# Inland Empire Meet



## Teknokid (Jun 1, 2002)

I just move from the ghetto of El Monte in the San Gabriel Valley to the Inland Empire. Temecula to be more exact. The import scene here is really weak compared to out there and in Ontario. Anyways, just wanted to see if there was any interest in a meet out here since i noticed that past meets always catered to people in L.A. county and the OC. Let me know what you guys think


----------



## NismoXR (May 1, 2002)

I've been to Temecula. It's really nice. Too far for me though.


----------



## WaLdo98 (Apr 30, 2002)

I live like 15 minutes away from Temecula.

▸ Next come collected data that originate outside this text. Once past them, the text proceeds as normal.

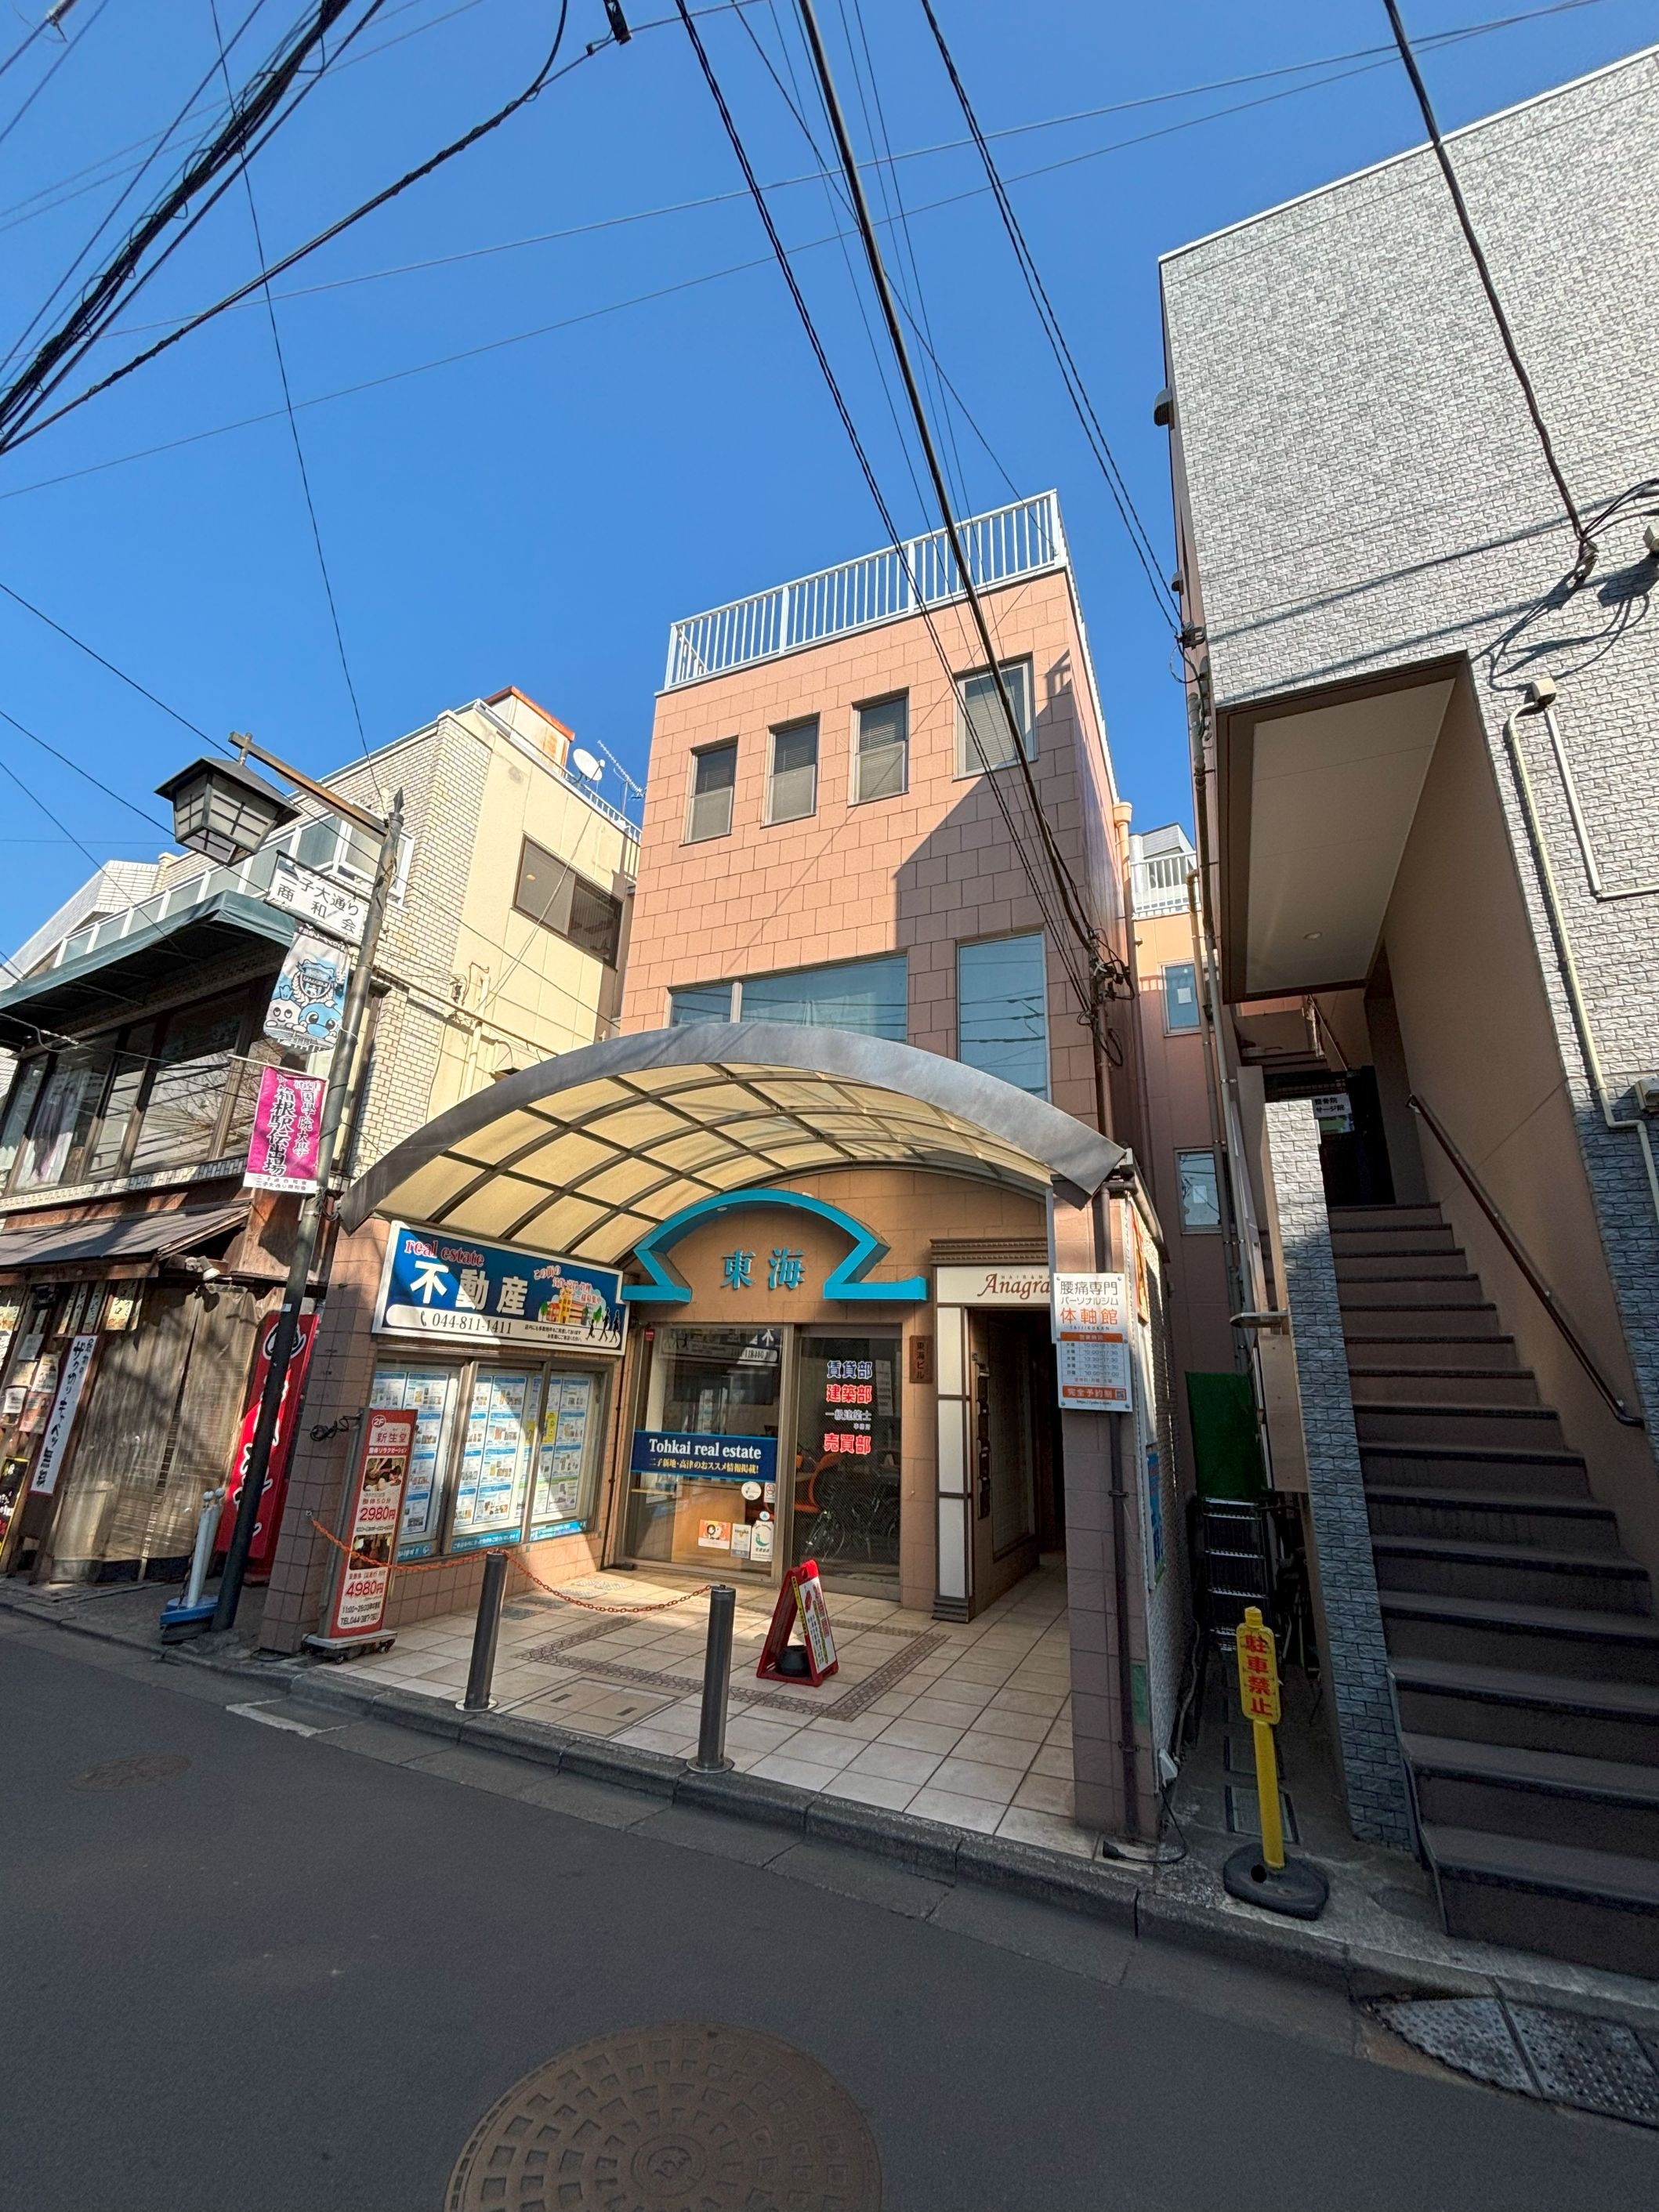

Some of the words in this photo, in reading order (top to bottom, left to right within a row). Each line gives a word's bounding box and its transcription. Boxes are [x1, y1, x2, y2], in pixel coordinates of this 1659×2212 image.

[281, 876, 359, 916] 二子大通り
[277, 884, 357, 935] 商和会
[404, 1240, 438, 1258] real
[441, 1247, 485, 1266] estate
[719, 1247, 806, 1289] 東海
[410, 1260, 528, 1316] 不動産
[1060, 1281, 1117, 1295] 腰痛専門
[1061, 1296, 1119, 1305] パーソナルジム
[432, 1312, 512, 1334] 044-811-1411
[1060, 1308, 1117, 1325] 体軸館
[827, 1360, 872, 1379] 賃貸部
[916, 1341, 925, 1380] 東海ビル
[826, 1384, 871, 1403] 建築部
[1067, 1388, 1112, 1399] 完全予約制
[374, 1417, 385, 1426] 2F
[825, 1409, 871, 1421] 一級建築士
[376, 1432, 407, 1443] 新生堂
[824, 1433, 871, 1455] 売買部
[649, 1438, 690, 1454] Tohkai
[694, 1443, 719, 1457] real
[723, 1446, 762, 1460] estate
[360, 1506, 397, 1521] 2980円
[346, 1580, 384, 1597] 4980円
[1244, 1635, 1273, 1717] 駐車禁止

As for the Import scene...there are a bunch of street races going down in Hemet, which is not far from your neck of the woods.

BTW Pedro....how much did you get your B13 Center Console for?? LOL :thumbup:


----------



## Token Moron (Mar 28, 2003)

shit's like 3hrs from me......just checked mapquest, u live hella close to mossy tho


----------



## stealthb14 (Apr 30, 2002)

Chris...you are pretty close to me...as the crow flies...I'm just over the hill from you...but...instead to get to temecula, I'd have to take the 241 toll to the 91...and from there I have no clue...sounds like you're pretty close to Terrance (bugnlv), he lives in Chino.


----------



## NismoXR (May 1, 2002)

WaLdo98 said:


> I live like 15 minutes away from Temecula. As for the Import scene...there are a bunch of street races going down in Hemet, which is not far from your neck of the woods.
> 
> BTW Pedro....how much did you get your B13 Center Console for?? LOL :thumbup:


I paid $63 for the console.


----------



## Kaotik350Z (Jul 12, 2003)

Yea pedro has the best deal on the tsuru stuff.


----------



## Teknokid (Jun 1, 2002)

stealthb14 said:


> Chris...you are pretty close to me...as the crow flies...I'm just over the hill from you...but...instead to get to temecula, I'd have to take the 241 toll to the 91...and from there I have no clue...sounds like you're pretty close to Terrance (bugnlv), he lives in Chino.


Take the 91 fwy to the 15 south, then exit winchester and make a left. Then its about 5 miles up the road


----------



## Teknokid (Jun 1, 2002)

WaLdo98 said:


> I live like 15 minutes away from Temecula. As for the Import scene...there are a bunch of street races going down in Hemet, which is not far from your neck of the woods.
> 
> BTW Pedro....how much did you get your B13 Center Console for?? LOL :thumbup:


Where in hemet? I really hate driving to ontario to check it out :givebeer:


----------



## Teknokid (Jun 1, 2002)

Anyone still down to meet??


----------